--- START ---
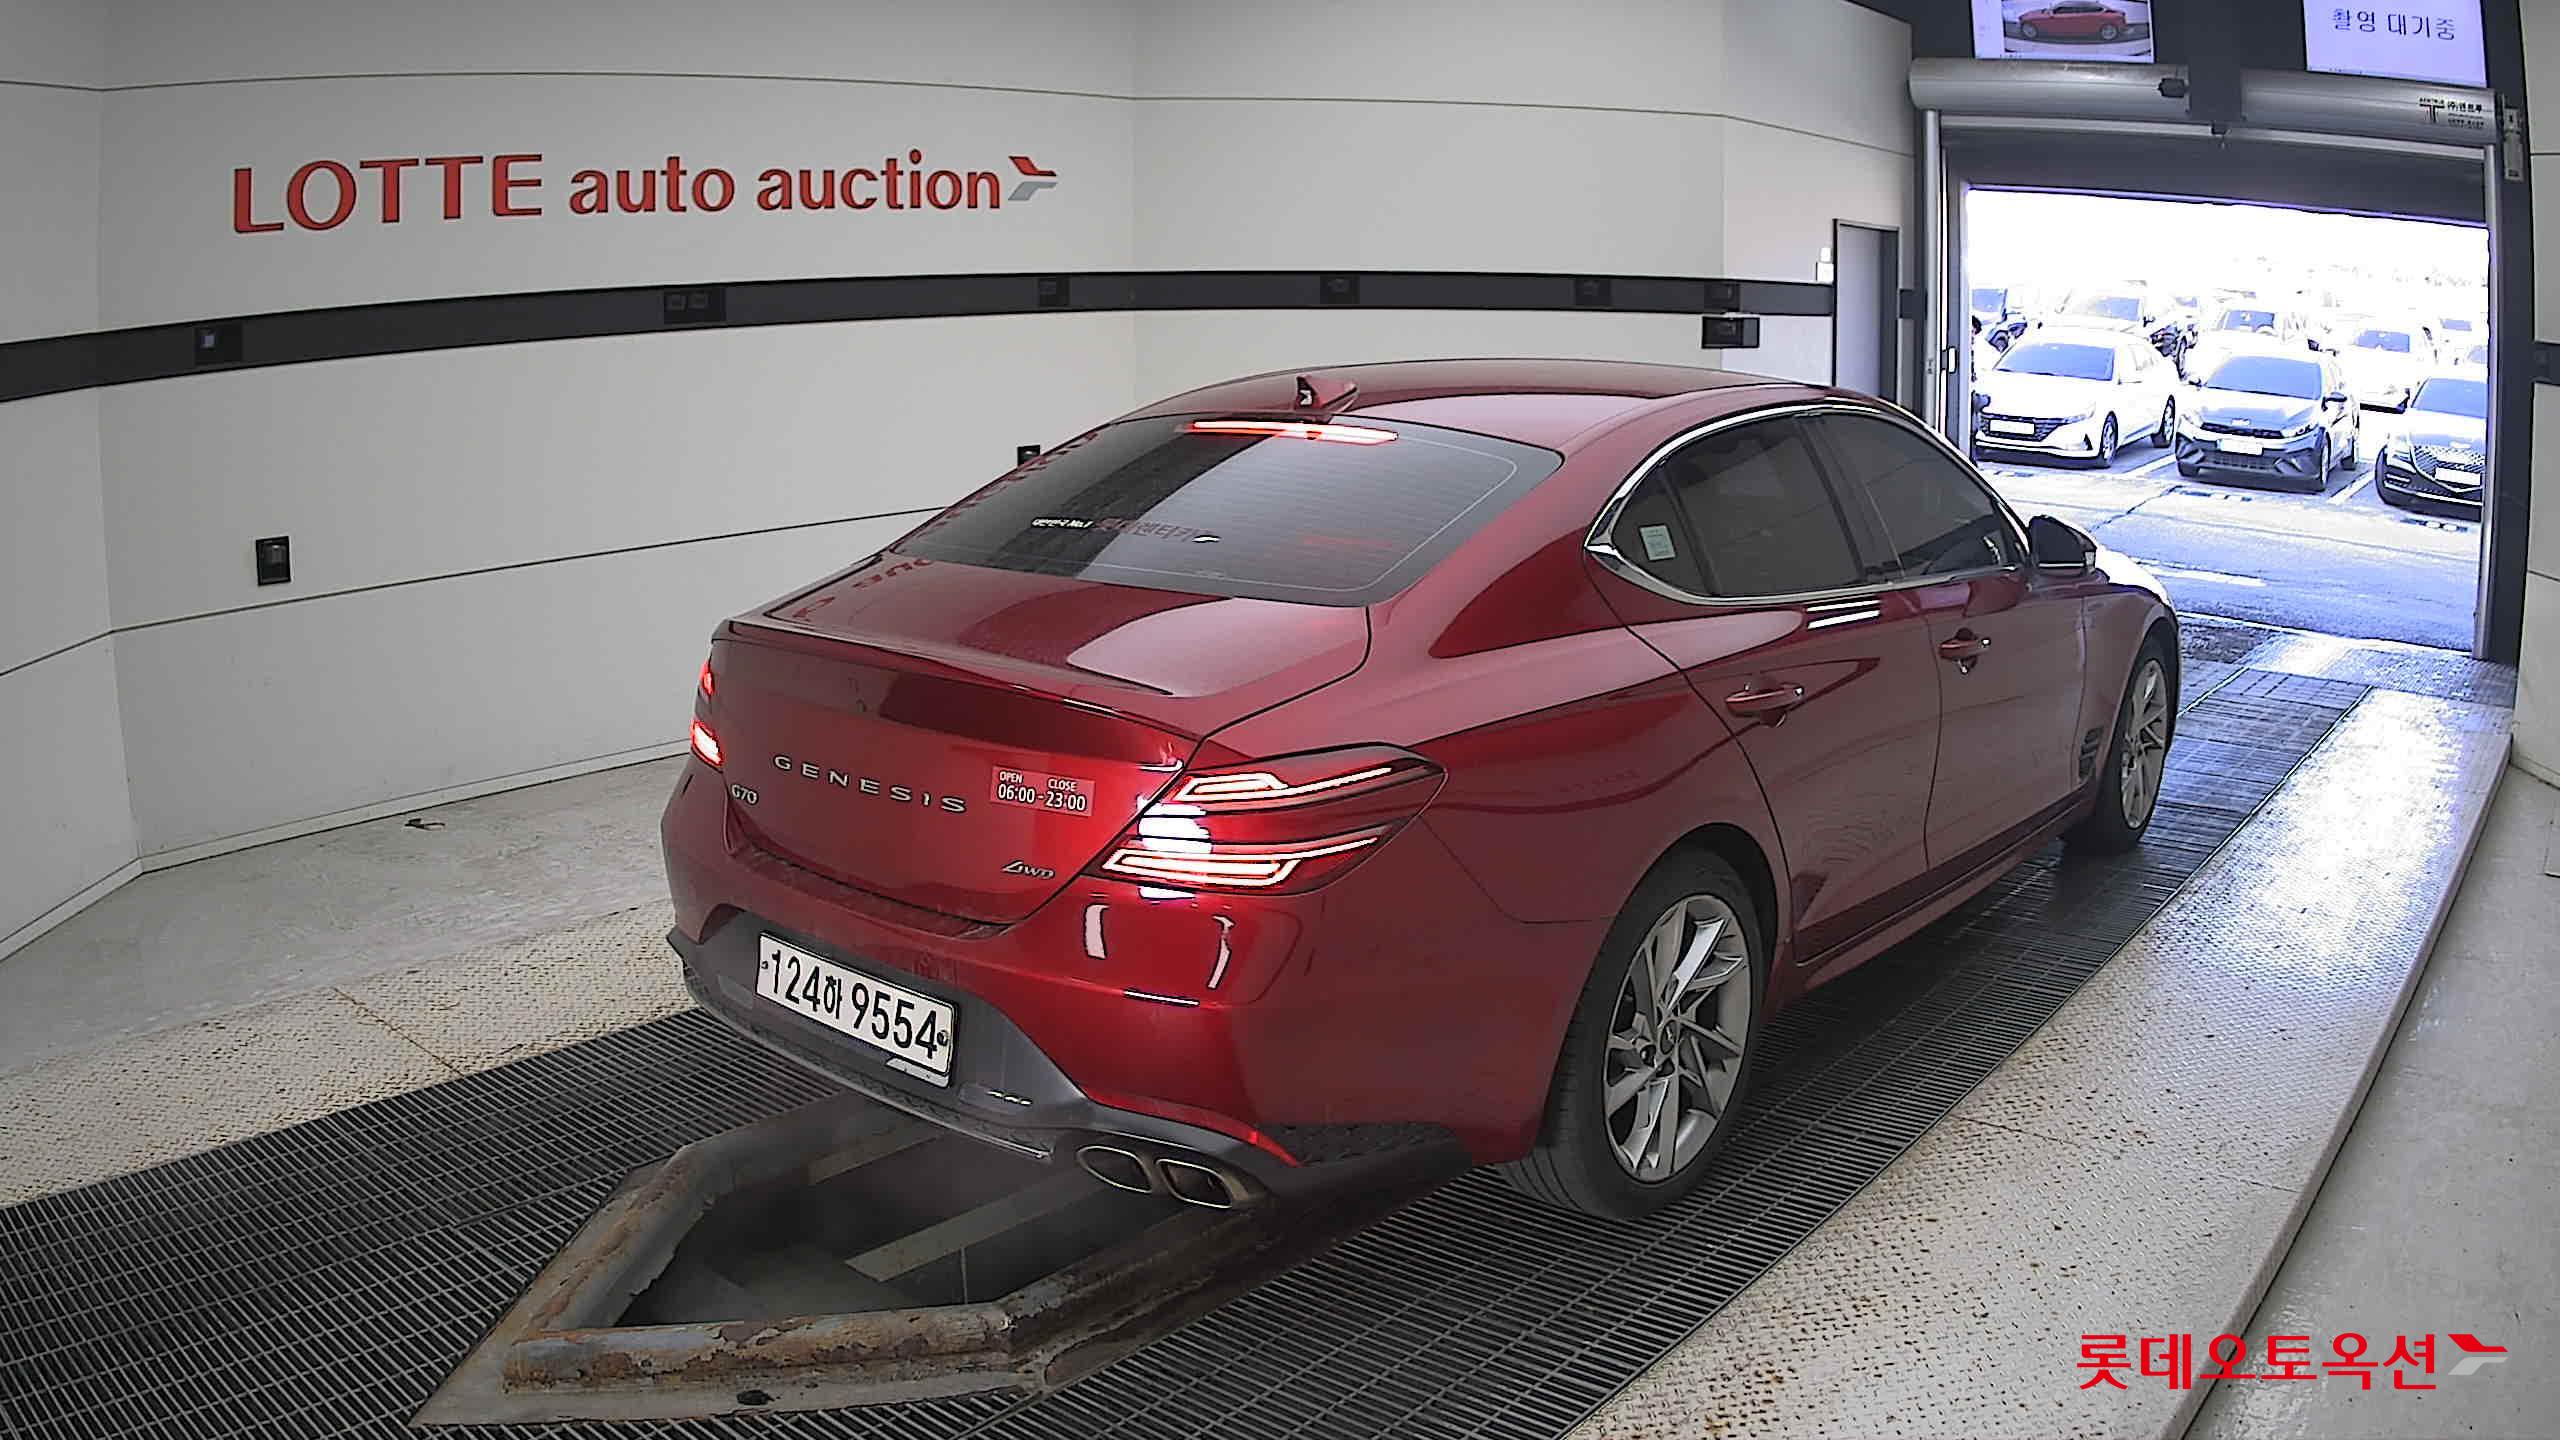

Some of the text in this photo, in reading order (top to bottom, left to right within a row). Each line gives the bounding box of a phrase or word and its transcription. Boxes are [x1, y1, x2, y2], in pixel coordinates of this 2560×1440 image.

[2387, 13, 2456, 41] 대기중
[234, 149, 1001, 233] LOTTE auto auction
[730, 784, 759, 805] G70
[773, 755, 967, 813] GENESIS
[999, 771, 1078, 792] OPEN CLOSE
[851, 982, 938, 1060] 9554
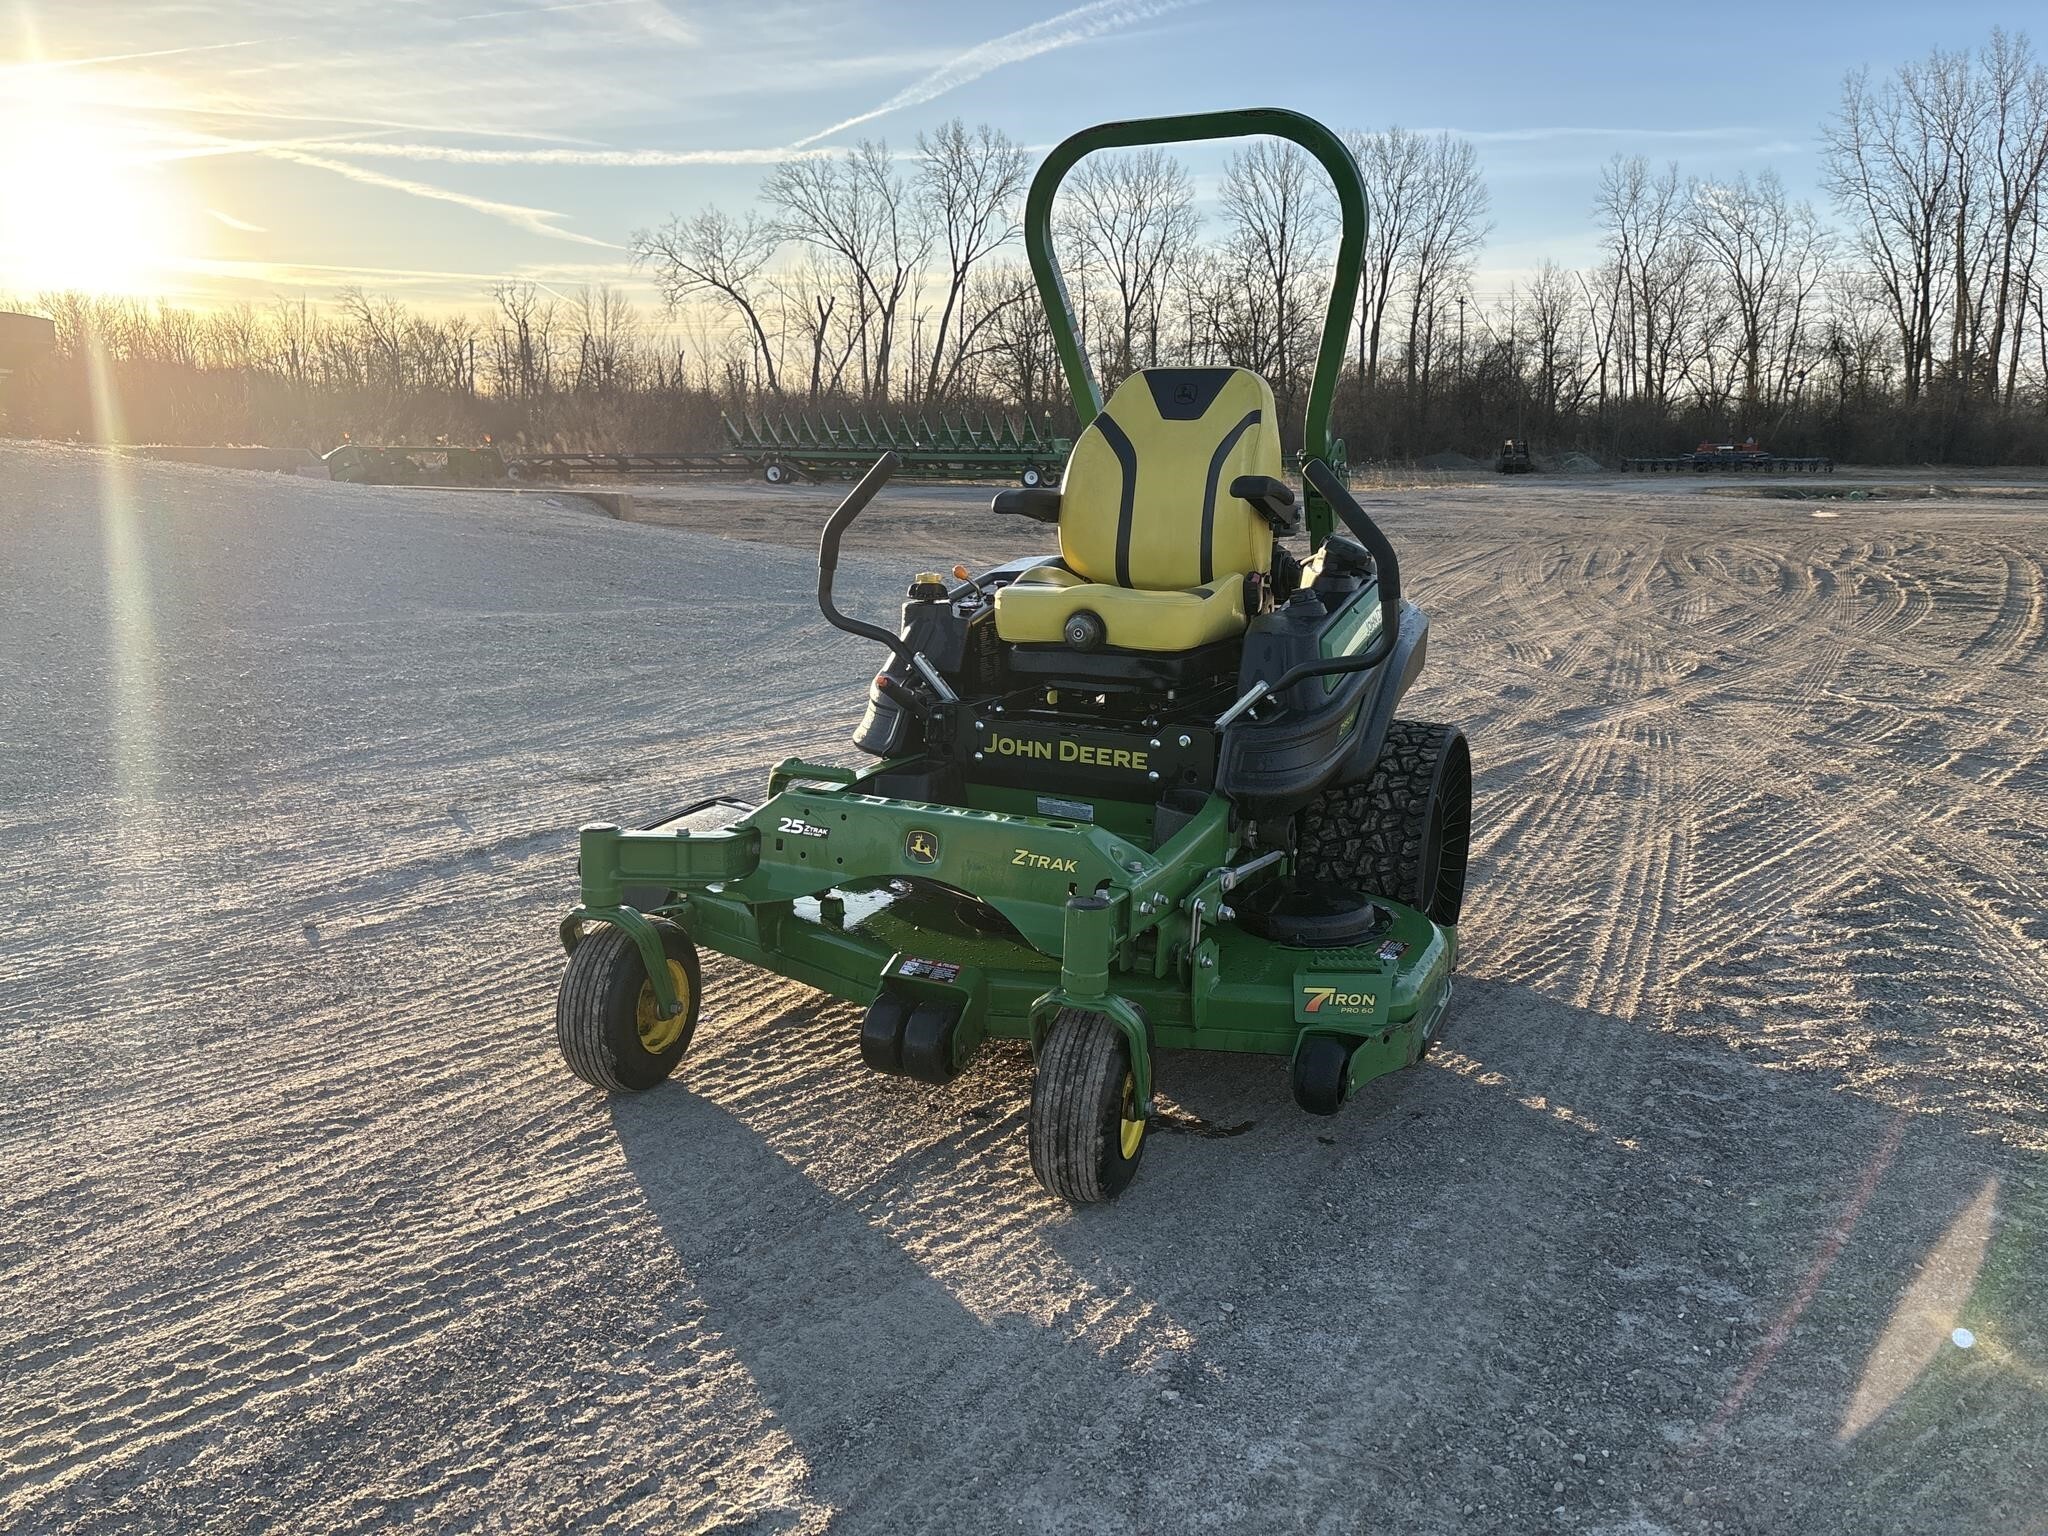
--- END ---
### WHAT NEEDS TO BE DONE:
The preceding entries are to be returned verbatim, with every picture excluded.

### SOLUTION FOR THIS PROBLEM:
Some of the text in this photo, in reading order (top to bottom, left to right within a row). Each line gives the bounding box of a phrase or word and its transcription. Boxes are [x1, y1, x2, y2], in pixel coordinates of this 2560×1440 image.

[2387, 13, 2456, 41] 대기중
[234, 149, 1001, 233] LOTTE auto auction
[730, 784, 759, 805] G70
[773, 755, 967, 813] GENESIS
[999, 771, 1078, 792] OPEN CLOSE
[851, 982, 938, 1060] 9554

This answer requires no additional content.